Proposition 74 would make it easier to fire teachers, 75 would restrict the ability of public employee unions to raise campaign funds from members, and 76 would impose limits on state spending while shifting more budgetary power from the Legislature to the governor. Schwarzenegger has not endorsed or opposed Proposition 75.

Moran, the teacher, said he was most concerned about what he sees as Proposition 74’s potential to stifle teacher activists who could be fired under false pretenses. Kennedy and Chelski are married to teachers.

Teachers unions and public employee unions representing firefighters, police officers and nurses have taken lead roles in the Alliance for a Better California, which is coordinating the campaign.

In their precinct of modest, mostly stucco homes, the three volunteers encountered Dina Cleveland, a 19-year-old Cal State Los Angeles student who was concerned about further spending cutbacks by a state government that she said could not afford to give the salutatorian of her high school graduating class enough financial aid to attend a four-year college.

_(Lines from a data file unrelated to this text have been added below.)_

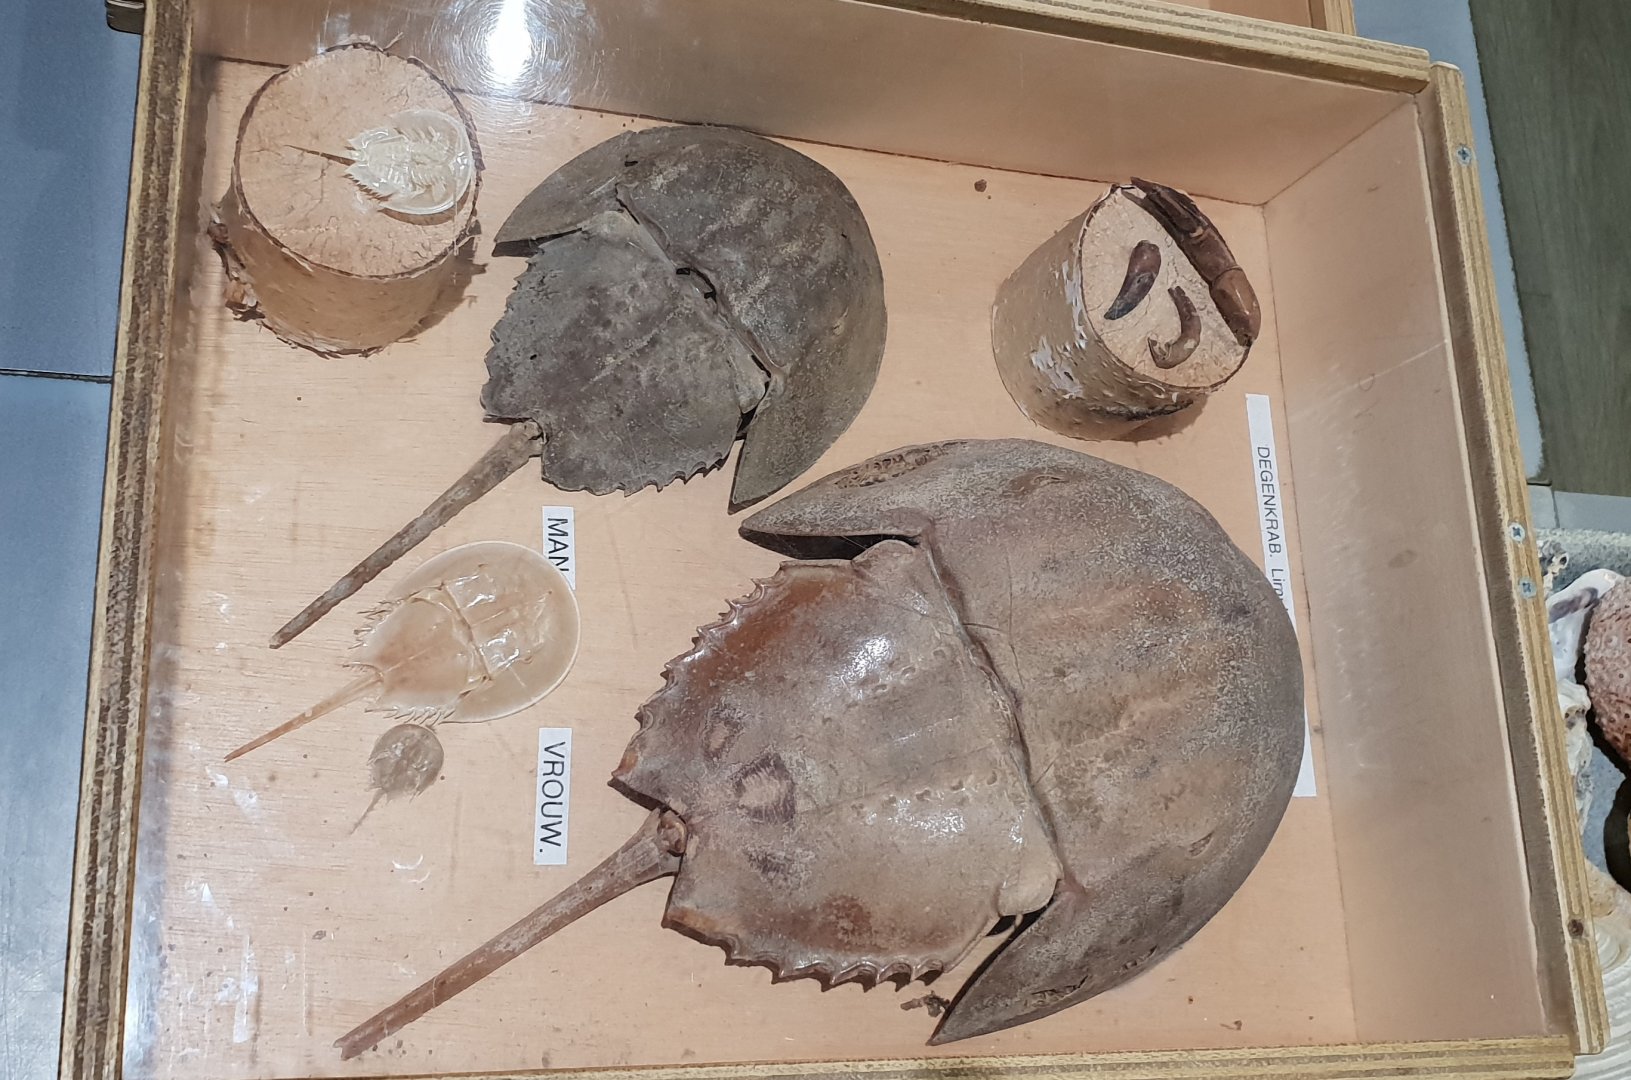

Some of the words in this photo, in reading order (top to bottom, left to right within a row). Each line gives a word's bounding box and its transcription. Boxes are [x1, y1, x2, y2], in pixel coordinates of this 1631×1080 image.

[547, 517, 570, 572] MAN
[1257, 446, 1282, 557] DEGENKRAB.
[1271, 568, 1286, 601] Lim
[539, 741, 566, 853] VROUW.
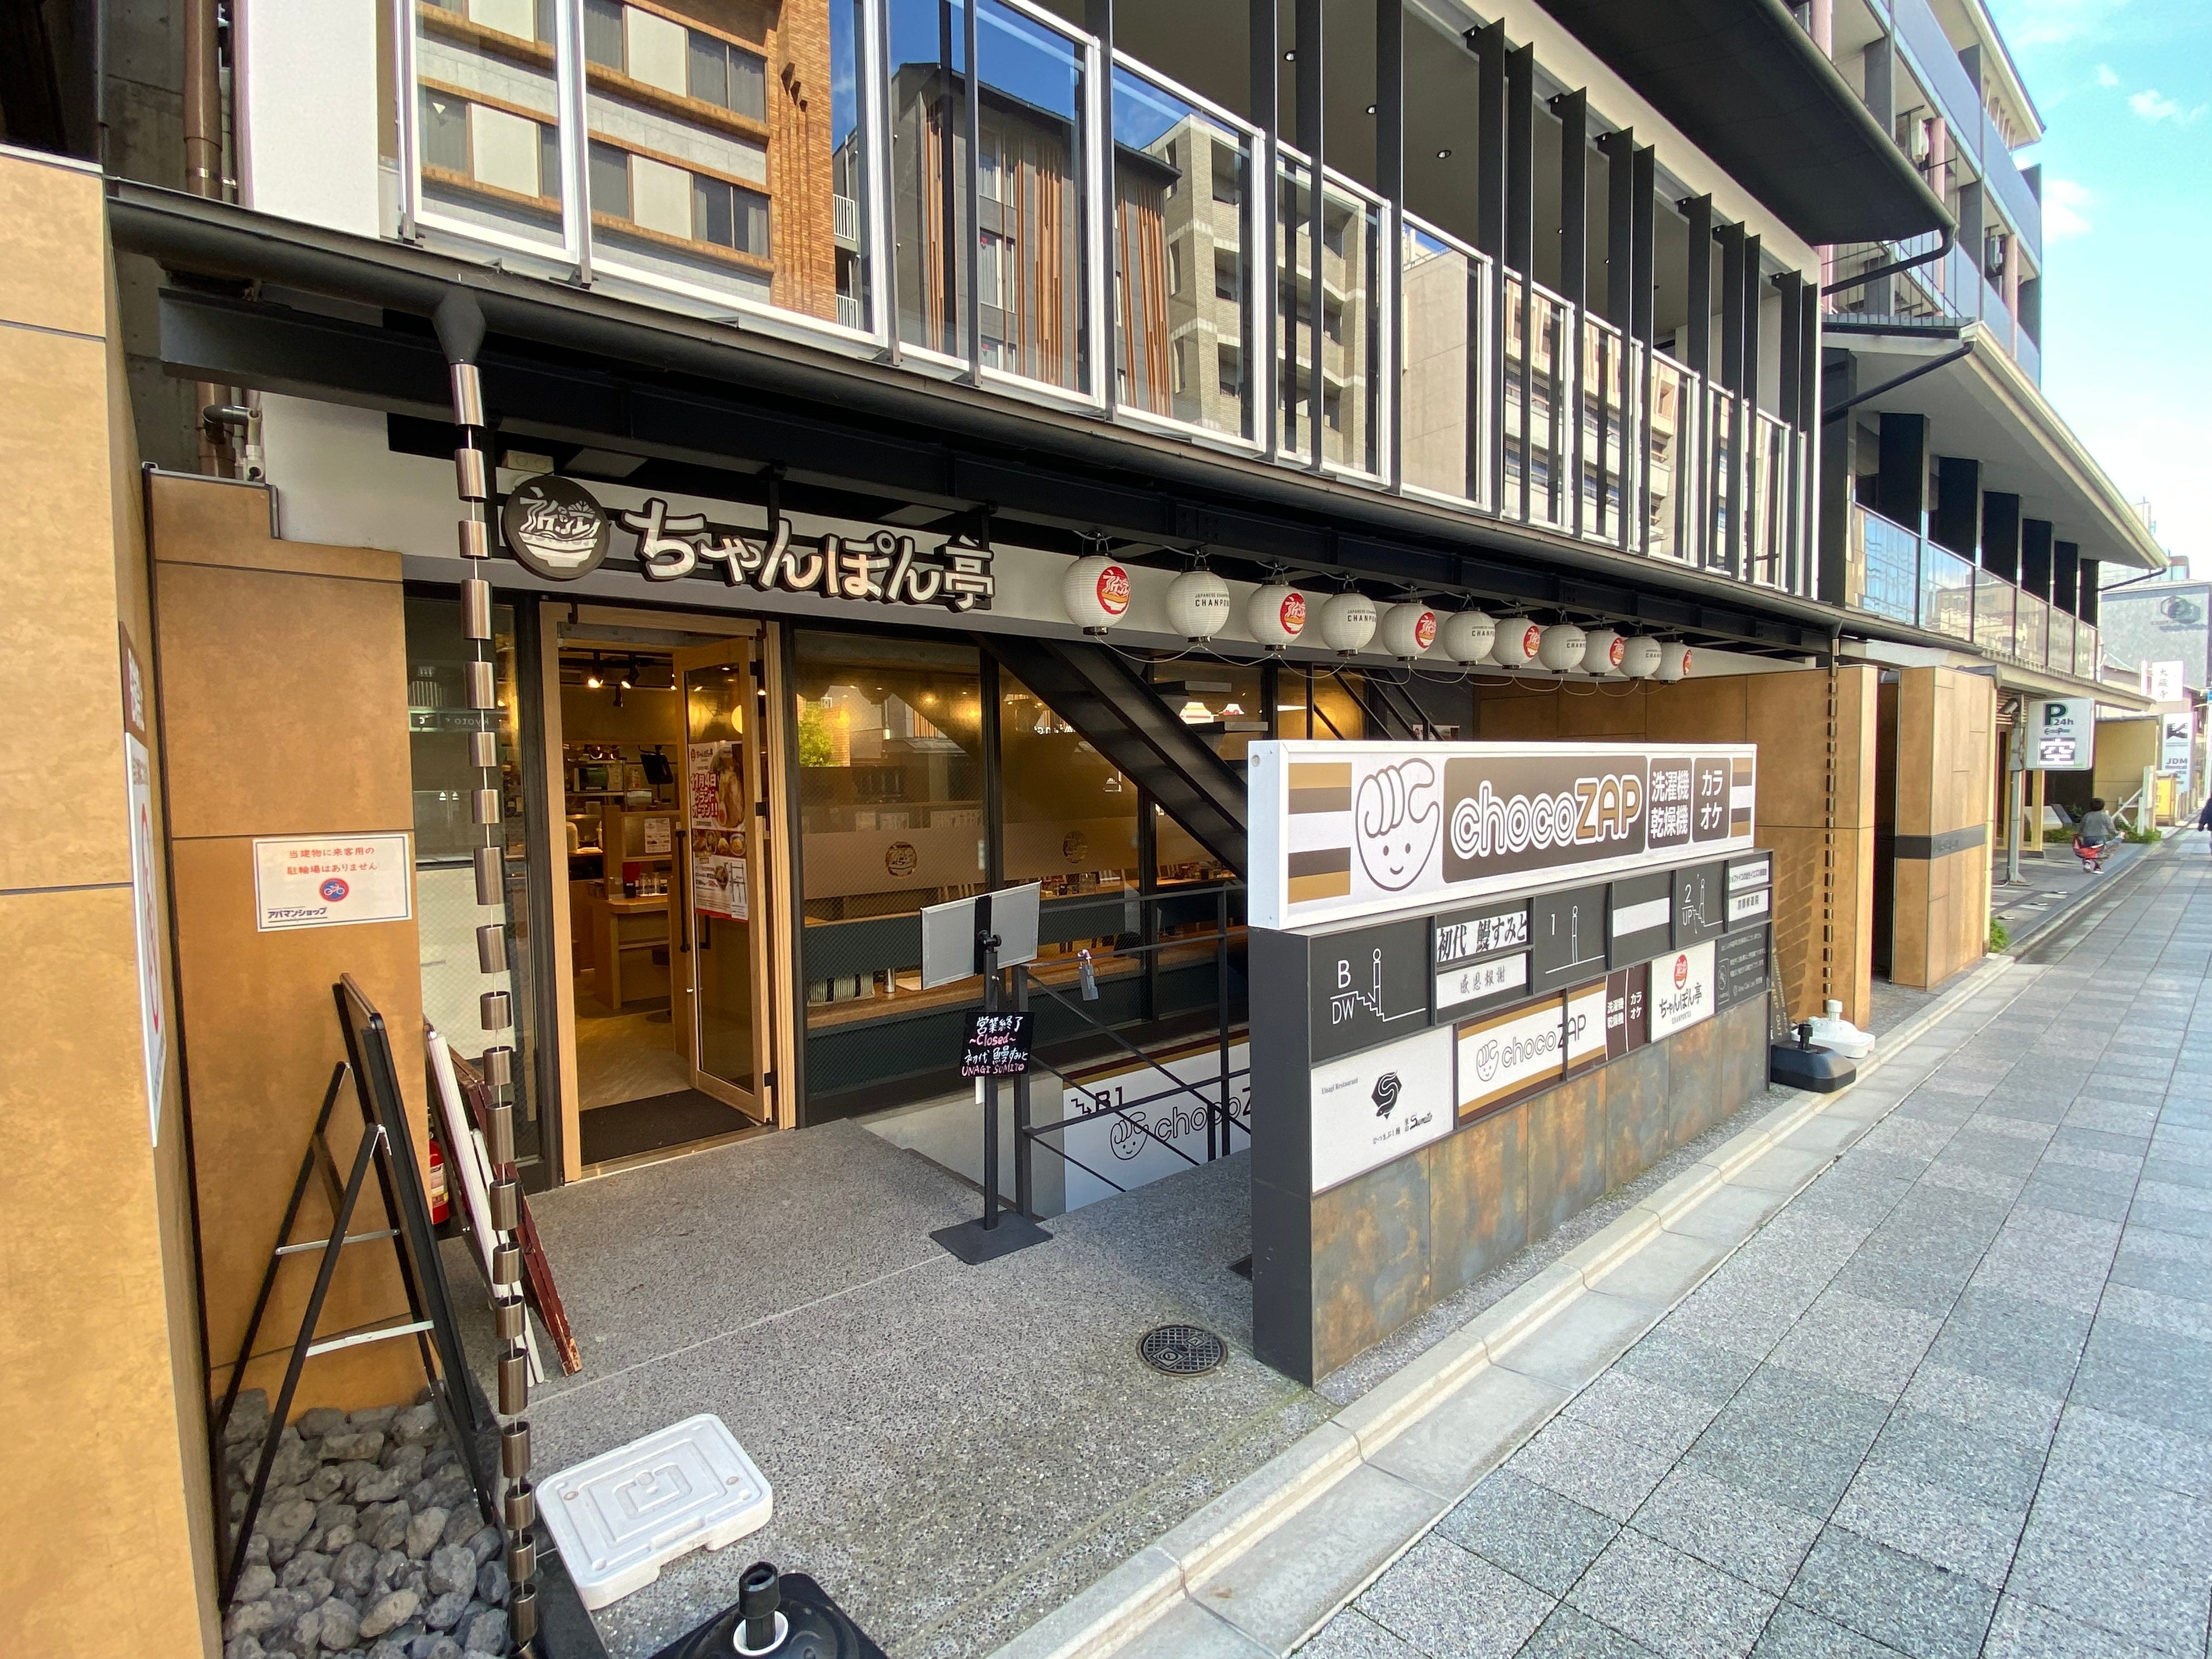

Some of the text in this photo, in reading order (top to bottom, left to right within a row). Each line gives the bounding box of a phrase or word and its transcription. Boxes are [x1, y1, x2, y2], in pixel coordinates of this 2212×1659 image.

The volunteers also happened to meet Carlos Iraheta, who was standing in his tidy front yard. Iraheta, a union member who unloads United Airlines planes, wasn’t on their list but said he had experience with unions being pushed around and was no supporter of a proposition that would require unions to ask members for permission to use dues to wage political battles. Since Sept. 11, Iraheta said, he has had to accept three pay cuts.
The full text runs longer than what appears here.